Il lavoro di Morris è partito da questa domanda ed è andato molto lontano, tanto da condurlo perfino in Crimea alla ricerca del luogo esatto in cui le foto sono state scattate nel 1855. Passando attraverso pareri di esperti, molteplici perizie e un lavoro sull’immagine che ricorda la celebre sequenza dell’ingrandimento di Blow-Up di Michelangelo Antonioni, Morris riesce a comprendere – osservando le differenze di luci e ombre nelle due foto – che la fotografia col sentiero sgombro è stata effettivamente scattata per prima.

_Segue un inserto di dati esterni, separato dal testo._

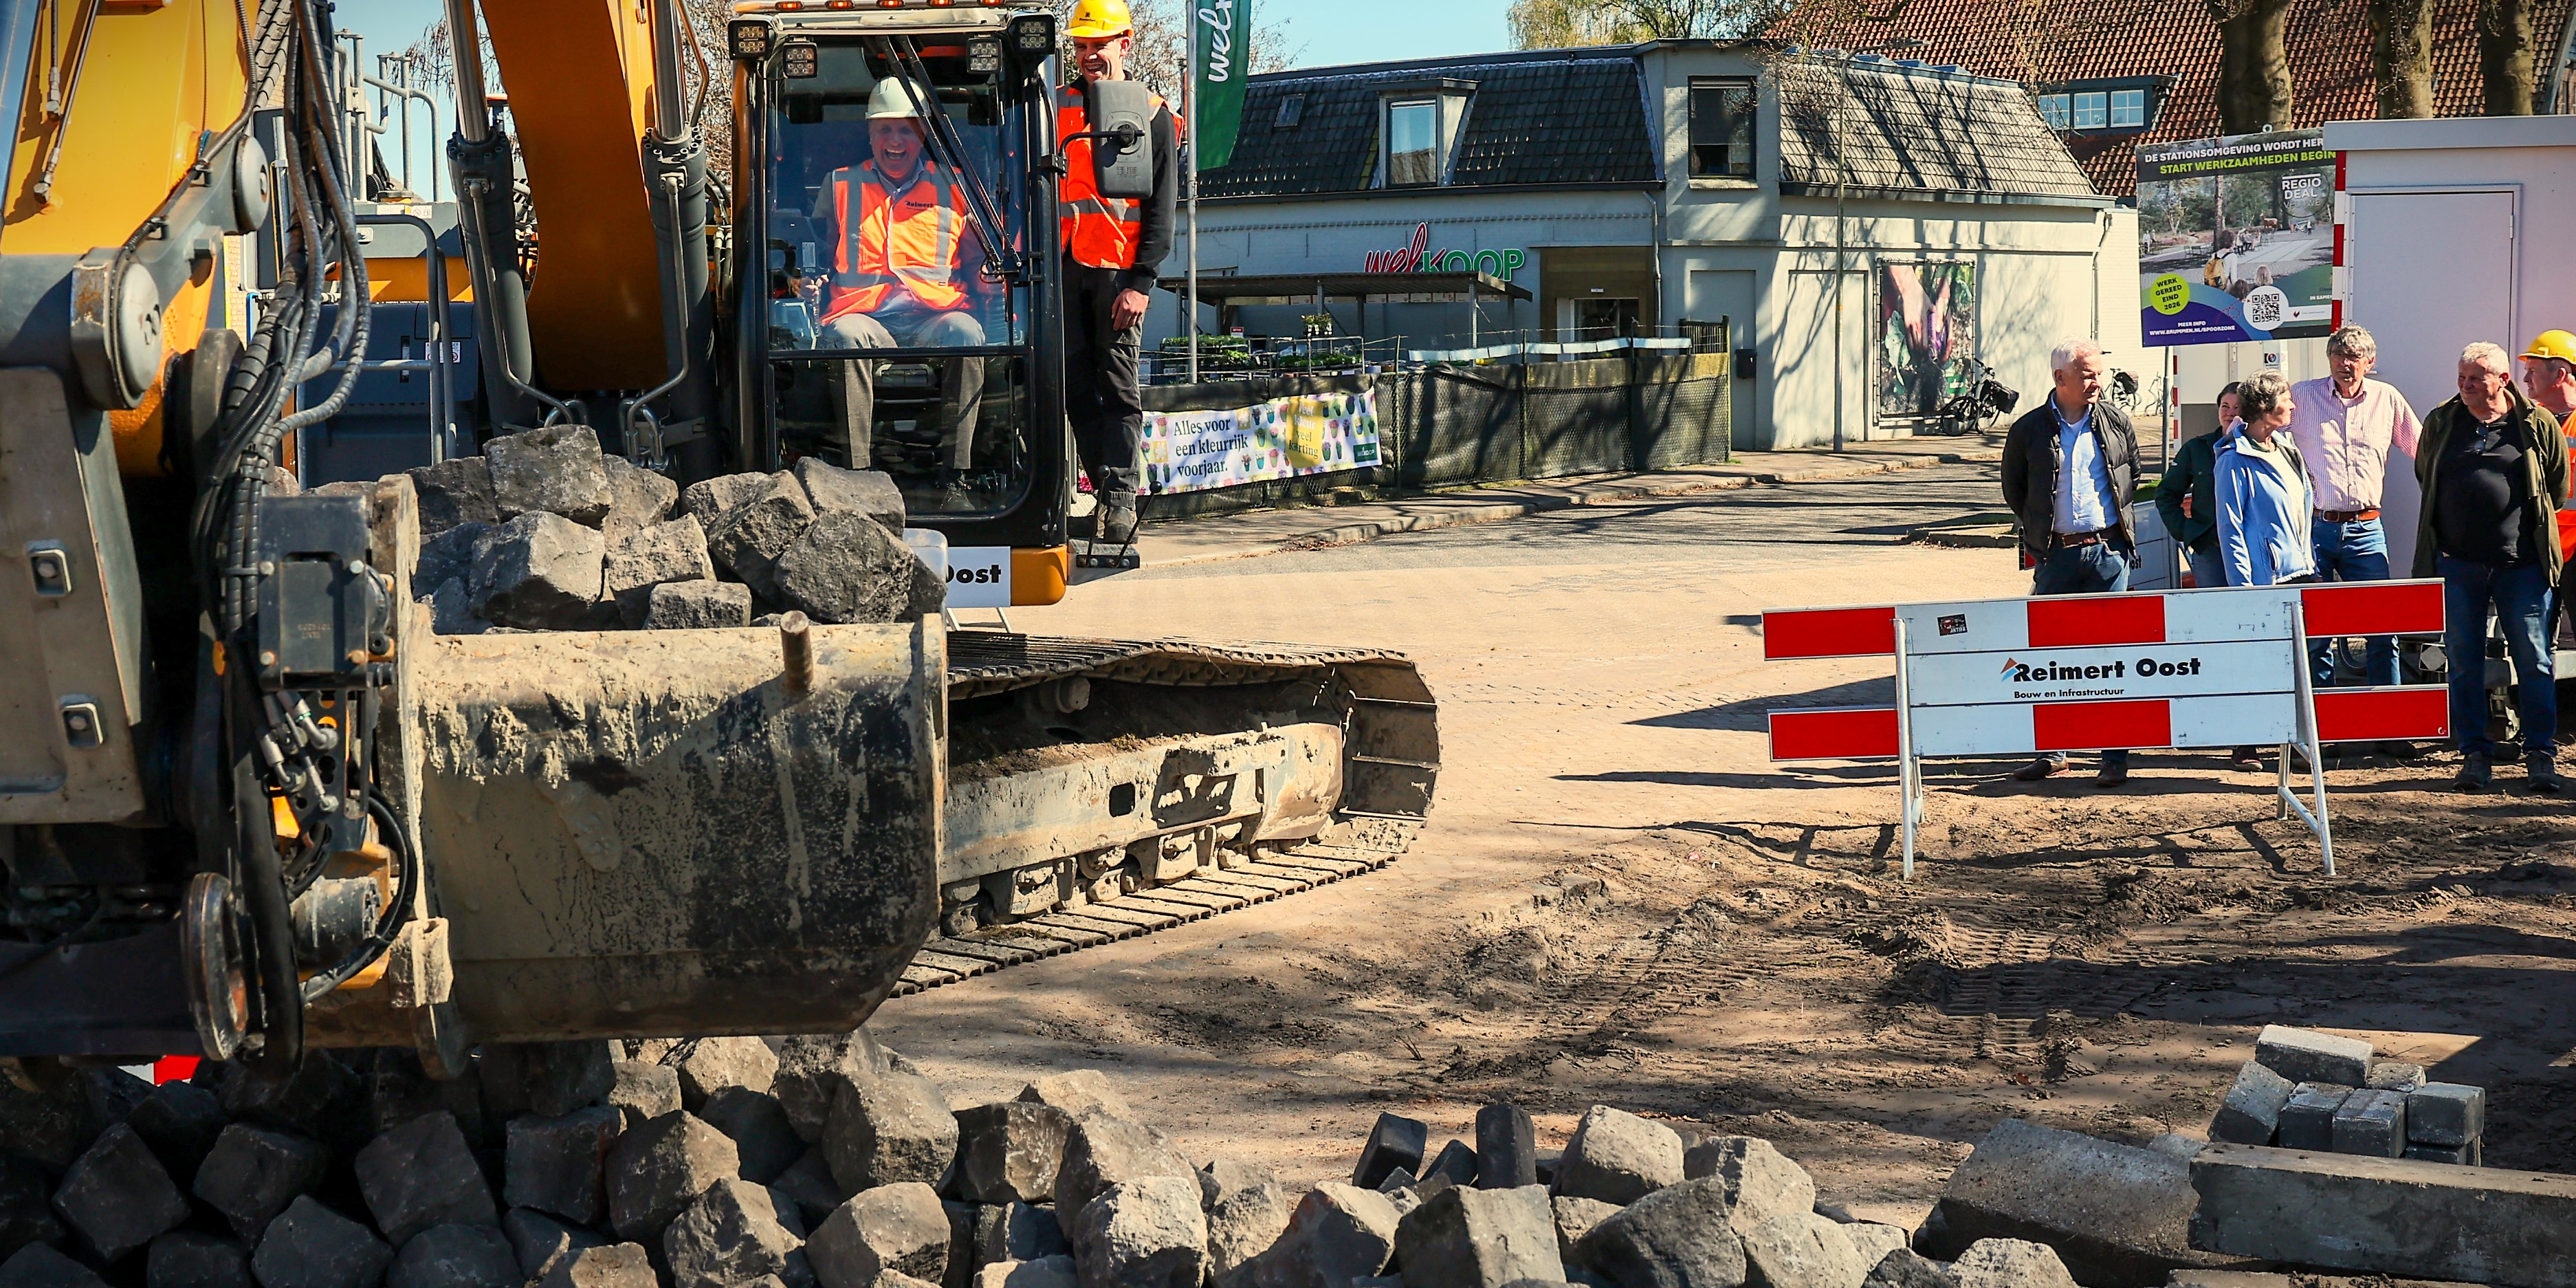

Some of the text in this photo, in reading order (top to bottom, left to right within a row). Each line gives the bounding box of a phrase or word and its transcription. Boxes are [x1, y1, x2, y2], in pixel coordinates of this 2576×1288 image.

Questa scoperta ha a ogni modo un’importanza del tutto secondaria rispetto a quanto trapela in tutto il saggio di Morris: di fronte a indizi, fatti e perfino alla “Verità”, non possiamo mai fare a meno di interpretare e assumere un punto di vista che è sempre del tutto soggettivo. E se poi i fatti si adeguano al nostro punto di vista, tanto meglio. Ecco perché dovremmo riparafrasare il classico detto “se non vedo, non ci credo” in “se non ci credo, non lo vedo”. La fotografia, con l’ambigua verità di cui è spesso considerata portatrice, risulta un ottimo strumento per condurre un percorso di consapevolezza su questo tema epistemologico.

[ illustrazione: animazione di due fotografie di Roger Fenton scattate nel 1855 ]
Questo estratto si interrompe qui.